Immunohistochemical demonstration of c‐Kit protooncogene product in gallbladder cancer

Background/Purpose Although some gallbladder carcinomas are immunoreactive for c‐Kit, the reasons for the c‐Kit expression and its clinicopathologic implications are unknown. Methods We investigated the prevalence of c‐Kit immunoreactivity, its clinicopathologic correlates (including microvessel density and postoperative outcome), and the possible mechanisms of c‐Kit expression. We reviewed retrospectively, the clinicopathologic records of 47 patients who had undergone macroscopically complete gallbladder carcinoma resection. The numbers of patients at pathologic stages I to IV, according to current TNM‐based staging, were 10, 5, 18, and 14, respectively.
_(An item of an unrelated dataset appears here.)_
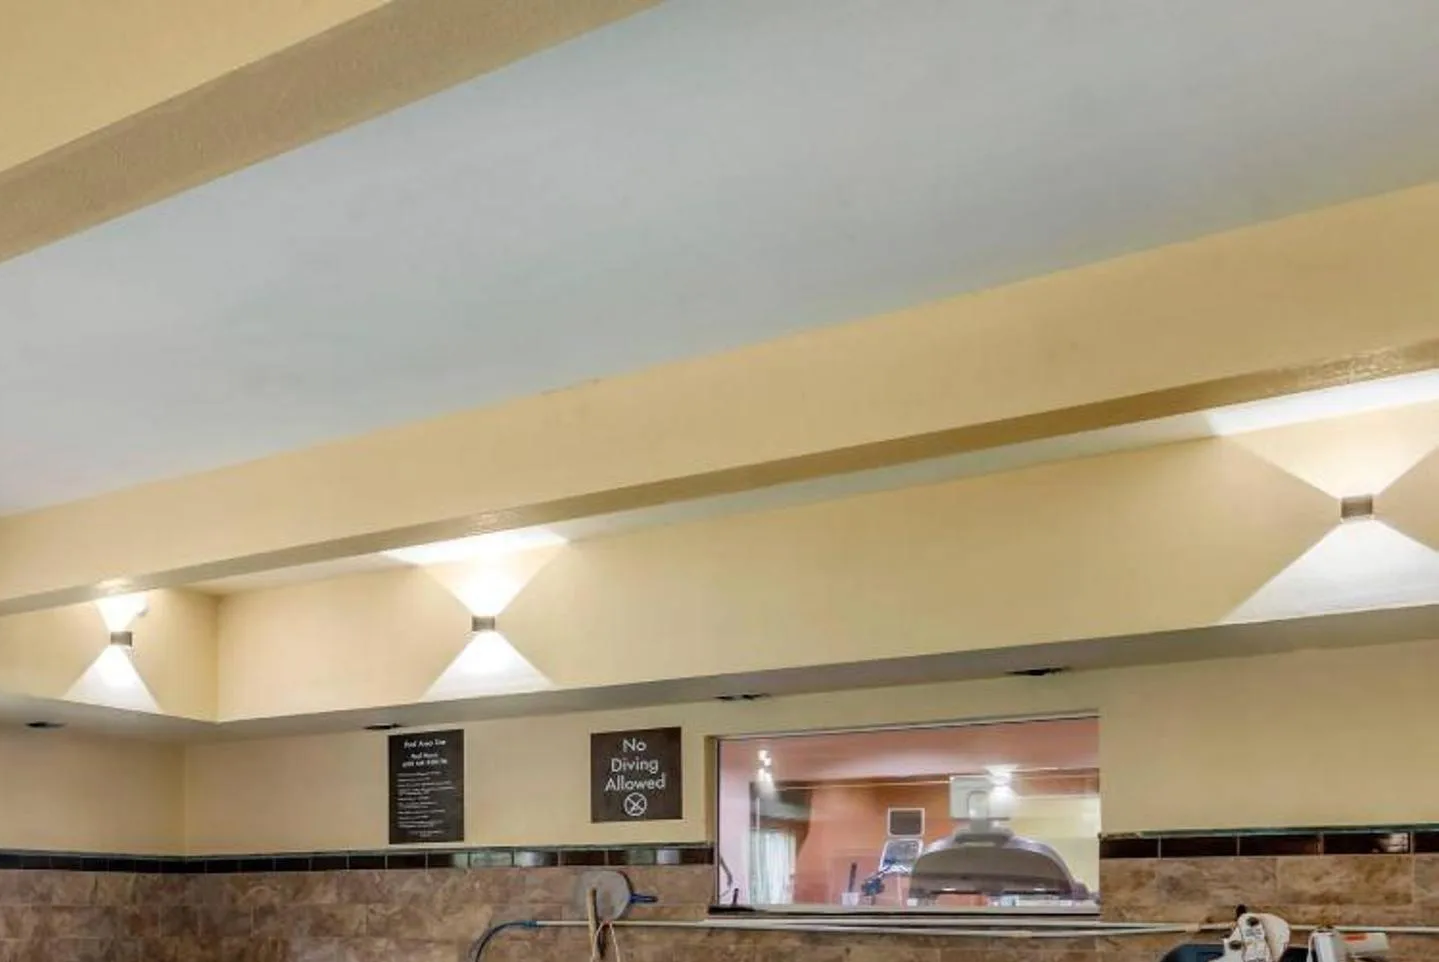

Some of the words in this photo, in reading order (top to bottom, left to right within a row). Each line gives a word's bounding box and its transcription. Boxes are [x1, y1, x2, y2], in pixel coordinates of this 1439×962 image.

For immunohistochemical examination, we used monoclonal antibodies against c‐Kit and CD 34 (progenitor cell markers), cytokeratin 7 and cytokeratin 19 (cholangiocyte markers), and OCH1E5 (a hepatocyte marker). Control tissue samples were from five gallbladder specimens each with chronic cholecystitis, polyp, and adenoma. Results Cytoplasmic immunostaining for c‐Kit was detected in 21 of the 47 gallbladder carcinomas (45%), and in 1 of the 15 control specimens (diagnosis, chronic cholecystitis). Young age was significantly associated with c‐Kit positivity; however, there were no significant differences in the incidence of c‐Kit positivity among other variables, including tumor stage and outcome. However, microvessel density was significantly higher in c‐Kit‐positive gallbladder carcinoma compared with c‐Kit‐negative gallbladder carcinoma. None of the 47 cancer specimens or the 15 control specimens were stained for CD34 and OCH1E5, but all 47 cancer specimens were stained for cytokeratins 7 and 19. Conclusions Gallbladder carcinomas positive for c‐Kit are unlikely to arise from immature cells, but may be associated with neovascularization. Angiogenesis inhibitors, such as tyrosine kinase inhibitors, therefore, may suppress the growth of some gallbladder cancers.